3.3.3. Jedis integration
Dependencies
To use bucket4j-jedis
extension you need to add following dependency:
<!-- For java 17 -->
<dependency>
<groupId>com.bucket4j</groupId>
<artifactId>bucket4j_jdk17-redis-common</artifactId>
<version>8.14.0</version>
</dependency>
<dependency>
<groupId>com.bucket4j</groupId>
<artifactId>bucket4j_jdk17-jedis</artifactId>
<version>8.14.0</version>
</dependency>
<!-- For java 11 -->
<dependency>
<groupId>com.bucket4j</groupId>
<artifactId>bucket4j_jdk11-redis-common</artifactId>
<version>8.14.0</version>
</dependency>
<dependency>
<groupId>com.bucket4j</groupId>
<artifactId>bucket4j_jdk11-jedis</artifactId>
<version>8.14.0</version>
</dependency>
Example of Bucket instantiation via JedisBasedProxyManager
redis.clients.jedis.JedisPool jedisPool = ...;
JedisBasedProxyManager<String> proxyManager = Bucket4jJedis.casBasedBuilder(jedisPool)

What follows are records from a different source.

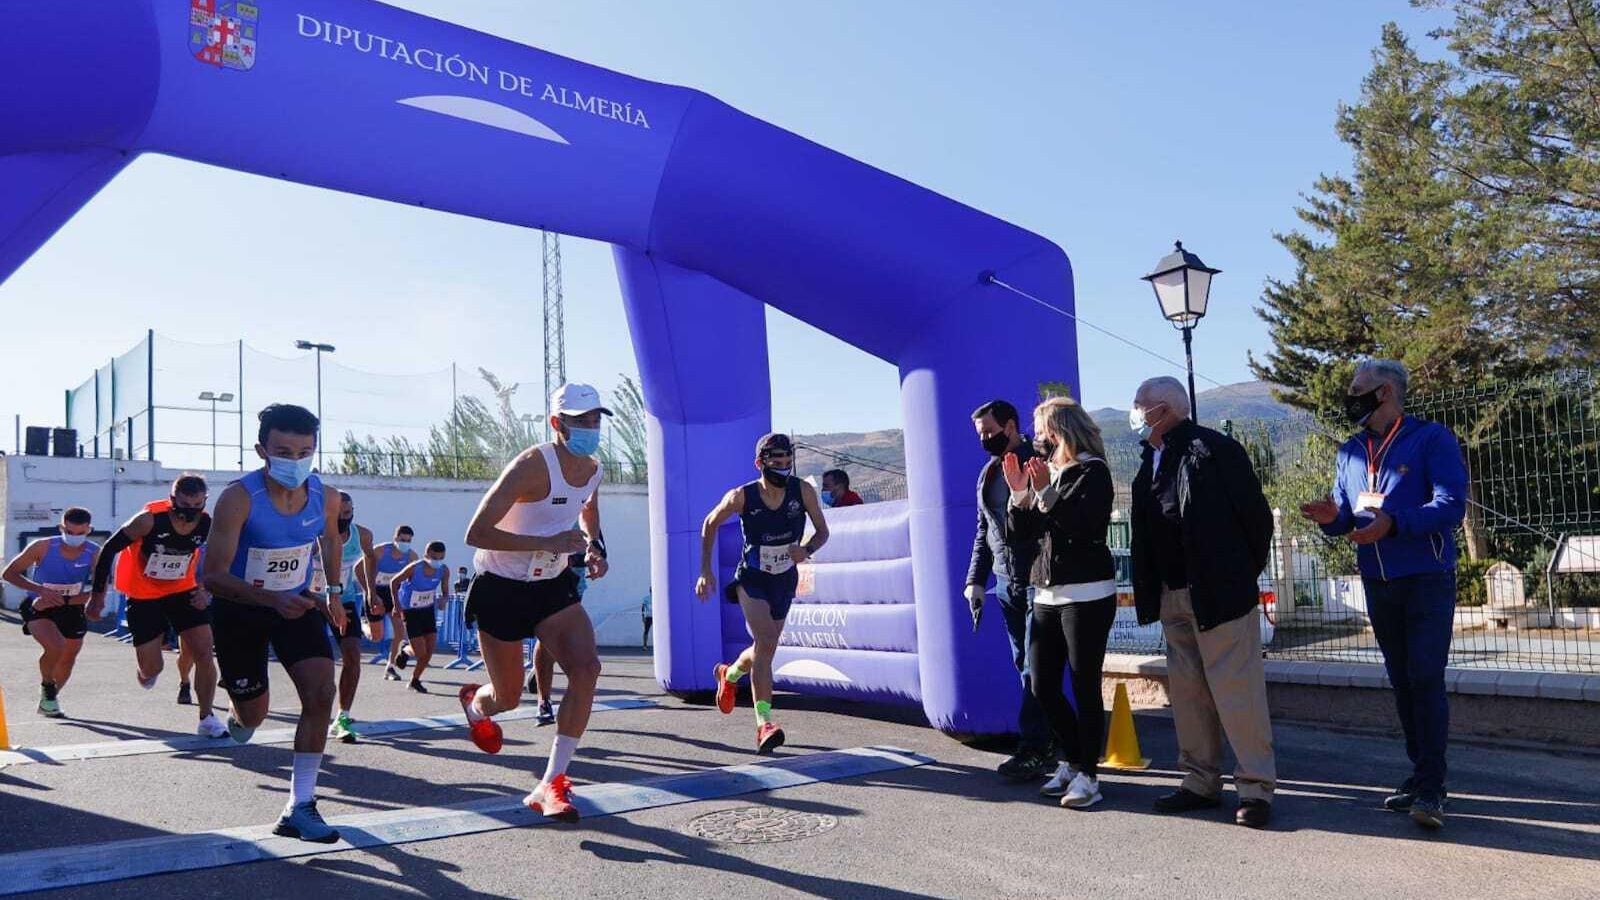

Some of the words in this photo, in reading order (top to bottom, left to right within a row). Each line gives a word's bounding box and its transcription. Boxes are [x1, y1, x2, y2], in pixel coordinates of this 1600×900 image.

[296, 14, 489, 85] DIPUTACIÓN
[498, 70, 533, 97] DE
[540, 83, 650, 129] ALMERÍA
[160, 562, 181, 570] 149
[266, 558, 300, 574] 290
[787, 606, 848, 627] UTACIÓN
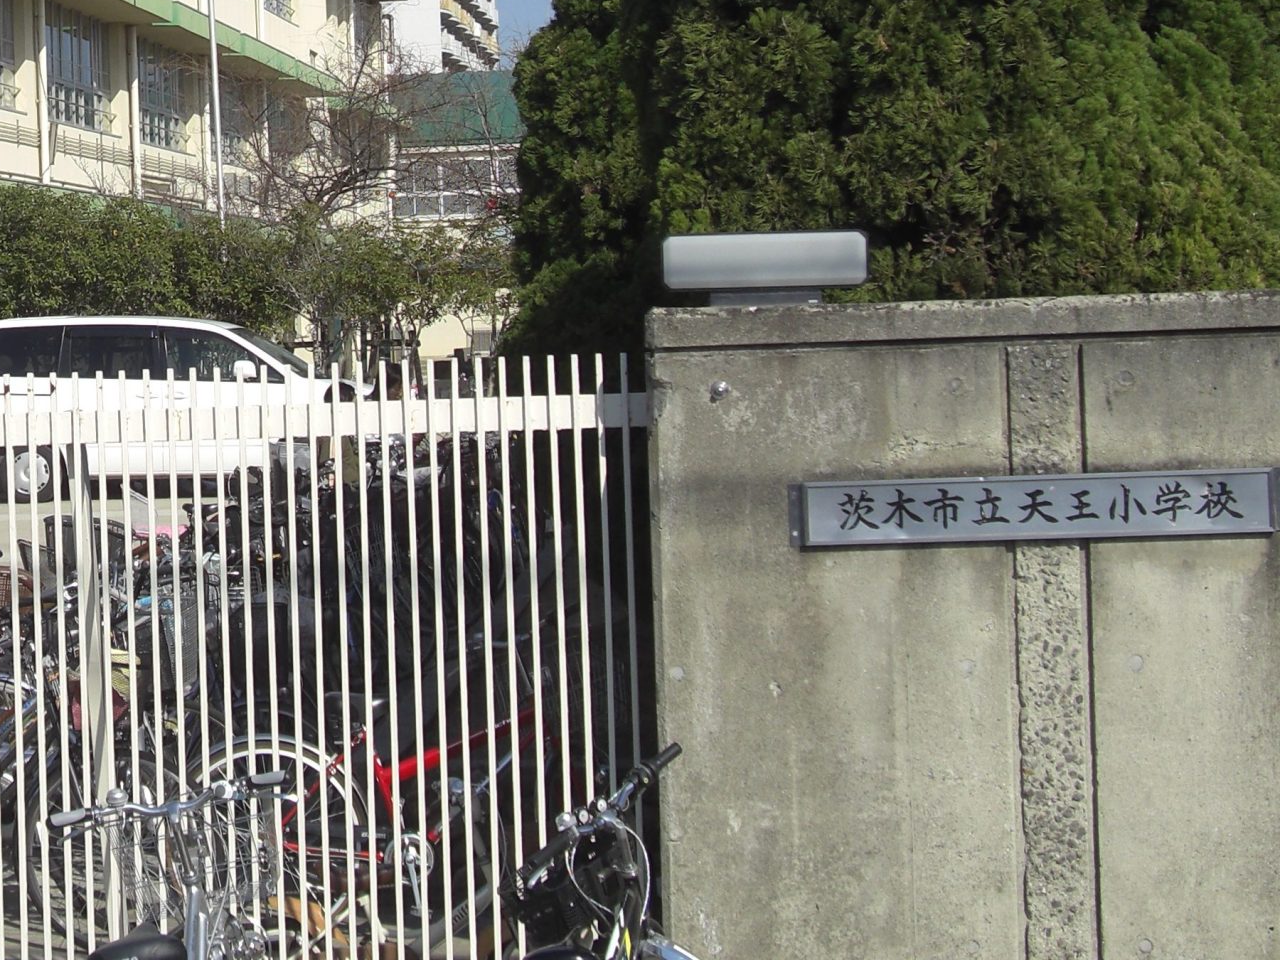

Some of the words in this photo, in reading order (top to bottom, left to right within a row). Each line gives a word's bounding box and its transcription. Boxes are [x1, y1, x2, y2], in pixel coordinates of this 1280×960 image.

.expirationAfterWrite(ExpirationAfterWriteStrategy.basedOnTimeForRefillingBucketUpToMax(ofSeconds(10)))
.keyMapper(Mapper.STRING)
.build();
...
BucketConfiguration configuration = BucketConfiguration.builder()
.addLimit(limit -> capacity(1_000).refillGreedy(1_000, ofMinutes(1)))
.build();
Bucket bucket = proxyManager.getProxy(key, () -> configuration);
3.4. JDBC integrations
General principles to use each JDBC integration:
-
Bucket4j authors do not provide create a table for store buckets, you must make the table personally. Examples of DDL provided for each integration.
-
You should create a trigger or a scheduler that will clear your bucket storage table since DBMS is not IMDB, and DBMS don’t give TTL the opportunity.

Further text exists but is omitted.